All entries are to be transcribed verbatim, but images are not carried over.

——————

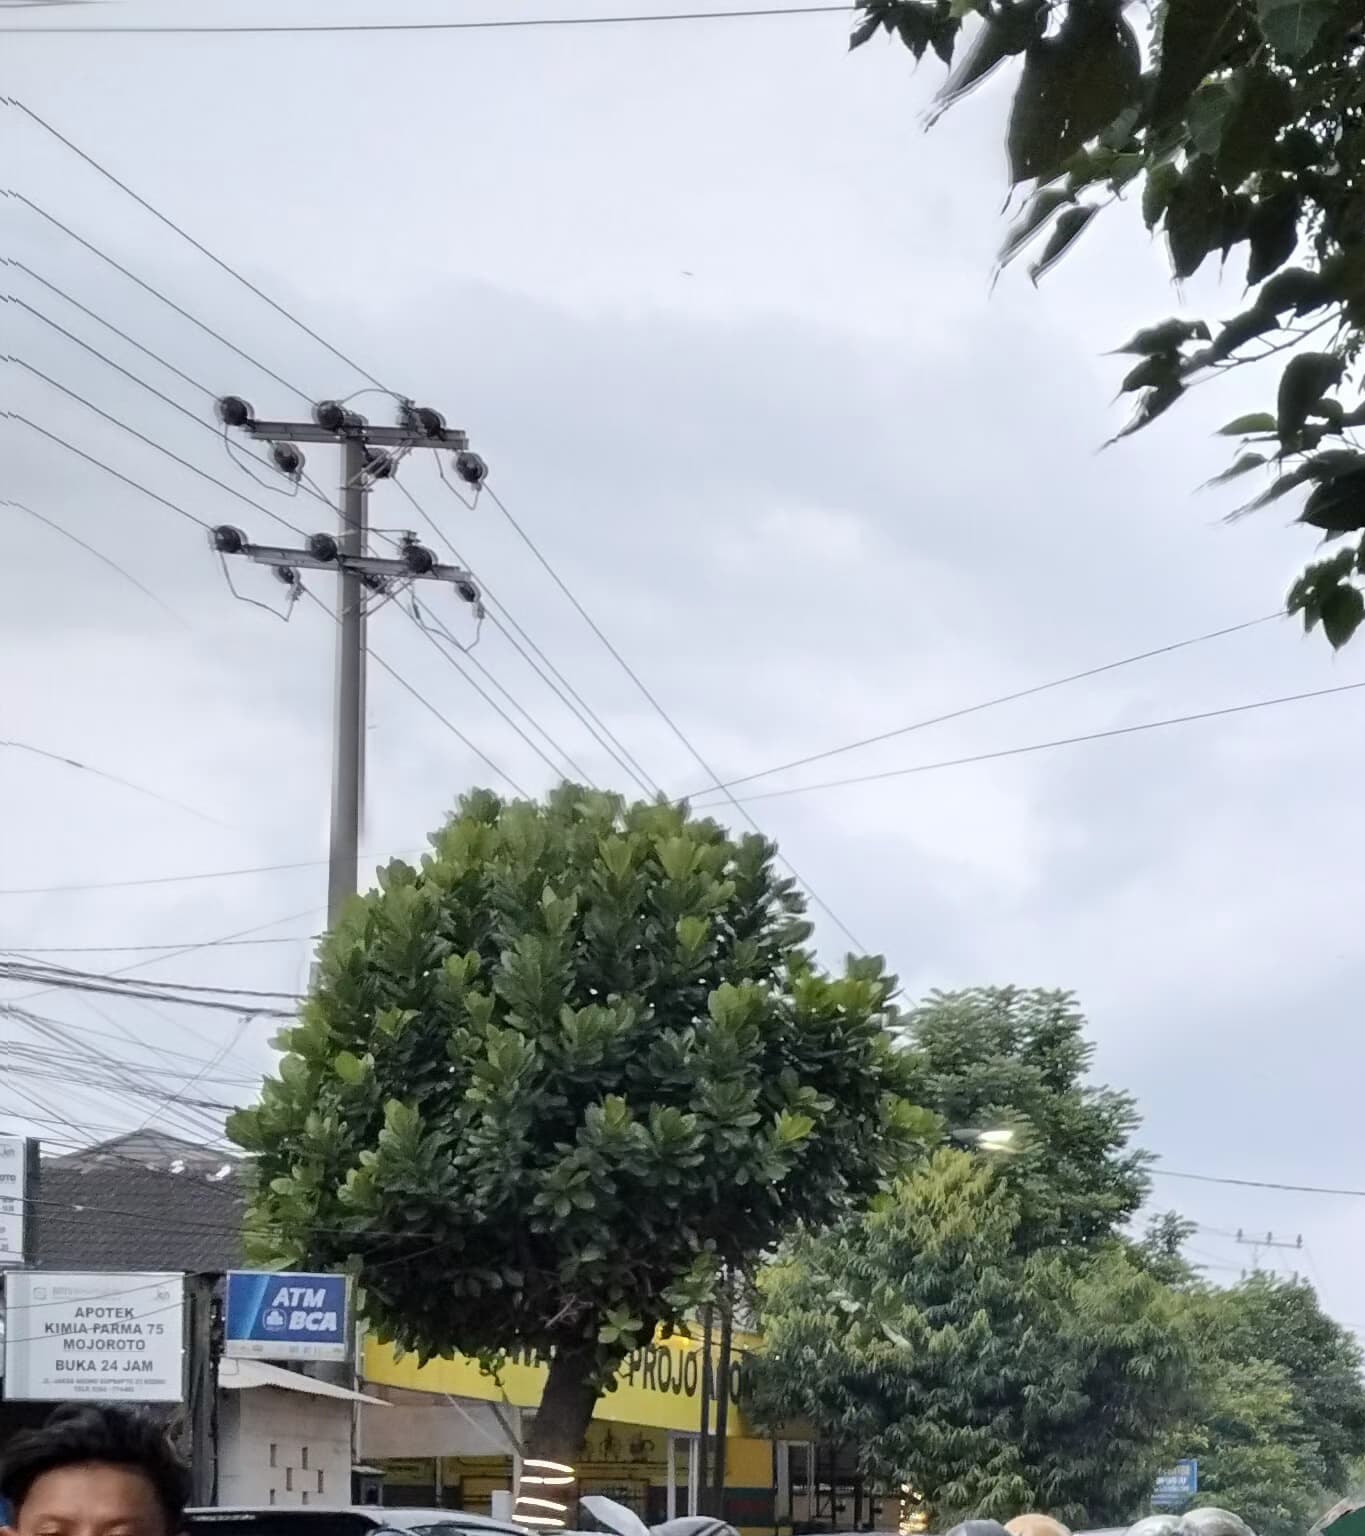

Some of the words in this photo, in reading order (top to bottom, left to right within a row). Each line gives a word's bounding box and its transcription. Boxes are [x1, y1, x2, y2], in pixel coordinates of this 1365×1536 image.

[272, 1287, 327, 1308] ATM
[74, 1306, 135, 1319] APOTEK
[288, 1310, 338, 1331] BCA
[44, 1322, 88, 1335] KIMIA
[147, 1323, 165, 1335] 75
[63, 1338, 146, 1351] MOJOROTO
[55, 1359, 97, 1372] BUKA
[100, 1360, 118, 1372] 24
[122, 1360, 153, 1372] JAM
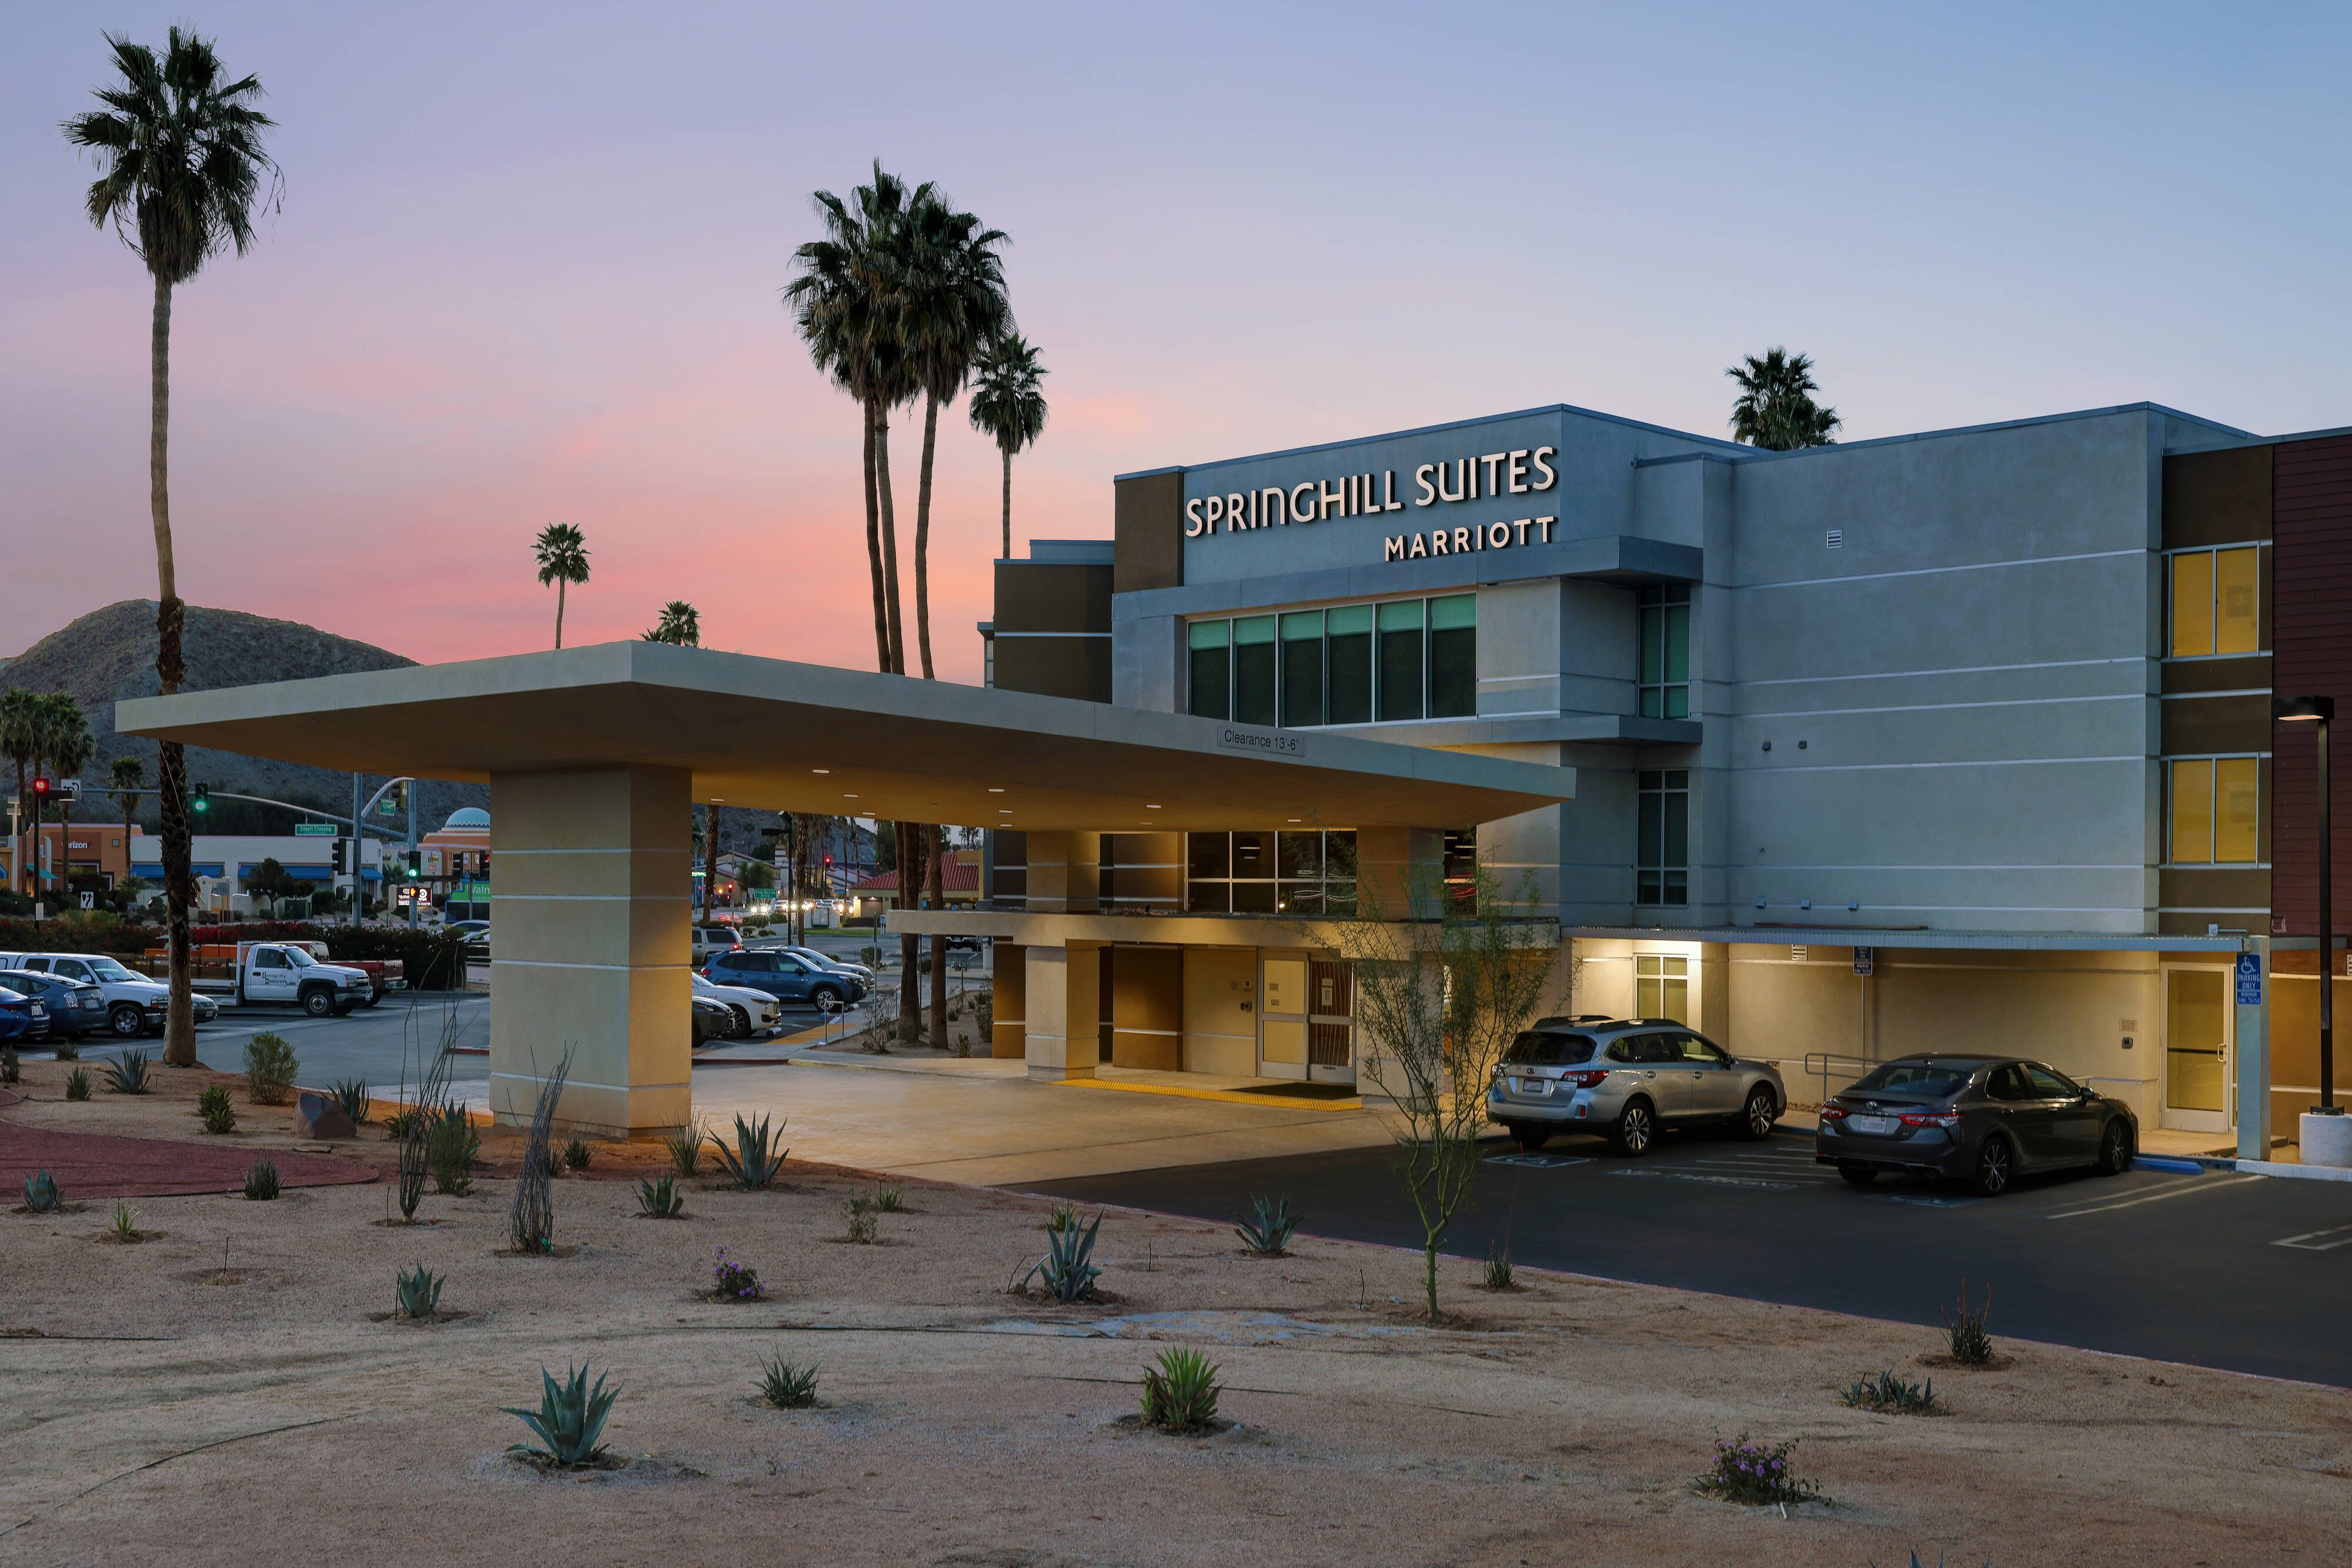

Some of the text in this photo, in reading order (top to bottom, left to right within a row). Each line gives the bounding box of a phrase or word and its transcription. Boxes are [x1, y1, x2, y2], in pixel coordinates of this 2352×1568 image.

——————

* _Answer to this task_
Some of the words in this photo, in reading order (top to bottom, left to right within a row). Each line gives a word's bounding box and its transcription. Boxes are [x1, y1, x2, y2], in pixel coordinates of this 1365×1536 image.

[272, 1287, 327, 1308] ATM
[74, 1306, 135, 1319] APOTEK
[288, 1310, 338, 1331] BCA
[44, 1322, 88, 1335] KIMIA
[147, 1323, 165, 1335] 75
[63, 1338, 146, 1351] MOJOROTO
[55, 1359, 97, 1372] BUKA
[100, 1360, 118, 1372] 24
[122, 1360, 153, 1372] JAM

Some of the text in this photo, in reading order (top to bottom, left to right within a row). Each line gives the bounding box of a phrase or word and its transcription. Boxes are [x1, y1, x2, y2], in pixel coordinates of this 2352×1568 image.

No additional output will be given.